• [YOUR GOAL]: Exact copy, no pictures: output each line below as it stands.

• [EXERCISE MATERIAL]:

------------------------

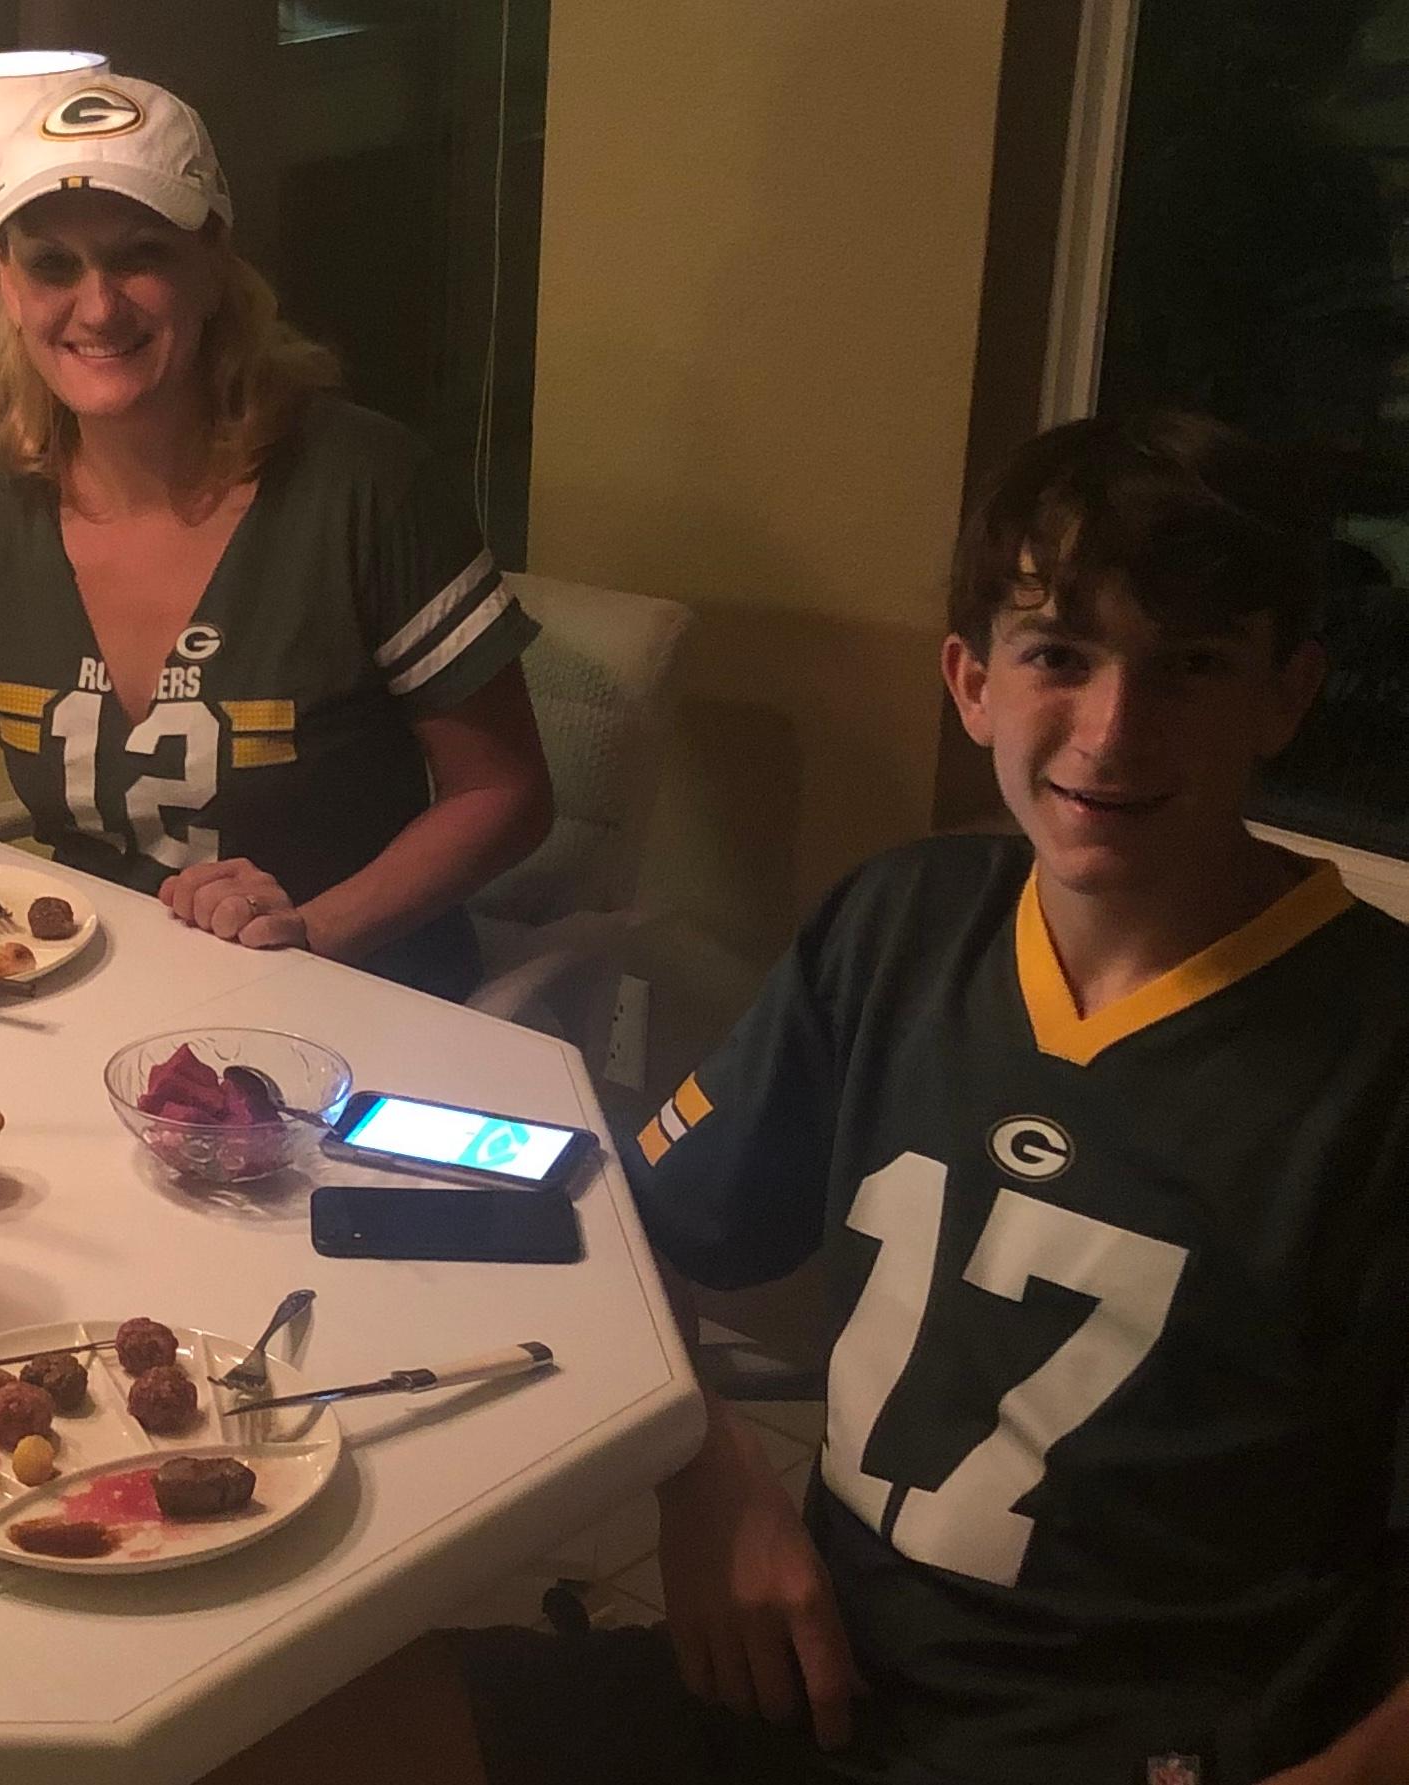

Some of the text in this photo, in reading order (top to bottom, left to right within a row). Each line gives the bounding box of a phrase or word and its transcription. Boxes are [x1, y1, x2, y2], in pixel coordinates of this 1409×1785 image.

[43, 87, 141, 137] G
[175, 625, 222, 661] G
[51, 691, 220, 869] 12
[991, 1118, 1071, 1179] G
[821, 1151, 1190, 1588] 17
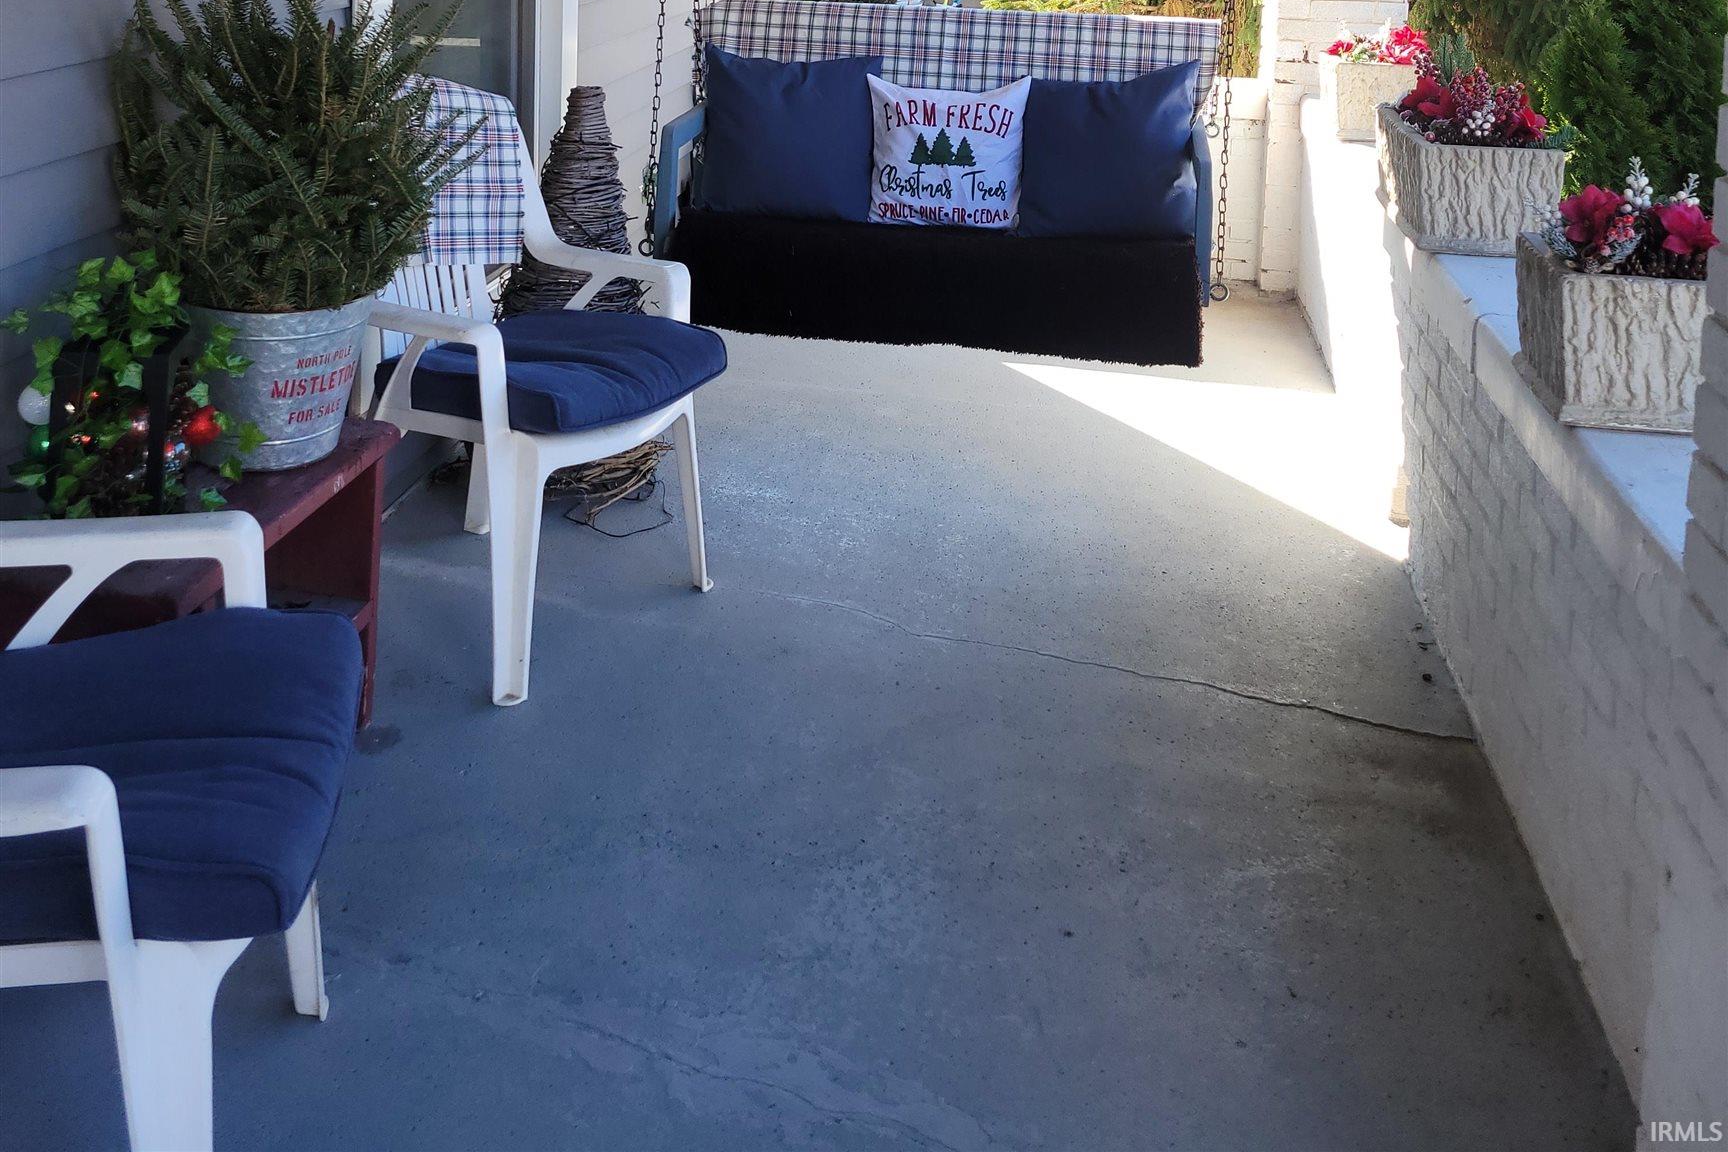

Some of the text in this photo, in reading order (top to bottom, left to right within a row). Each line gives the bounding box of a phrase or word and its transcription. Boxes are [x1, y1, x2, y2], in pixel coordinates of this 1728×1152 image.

------------------------

• [EXERCISE OUTPUT]:
Some of the text in this photo, in reading order (top to bottom, left to right within a row). Each line gives the bounding box of a phrase or word and its transcription. Boxes are [x1, y1, x2, y2], in pixel coordinates of this 1409×1785 image.

[43, 87, 141, 137] G
[175, 625, 222, 661] G
[51, 691, 220, 869] 12
[991, 1118, 1071, 1179] G
[821, 1151, 1190, 1588] 17

Some of the text in this photo, in reading order (top to bottom, left to right within a row). Each line gives the bounding box of a phrase or word and its transcription. Boxes are [x1, y1, x2, y2], in pixel coordinates of this 1728×1152 image.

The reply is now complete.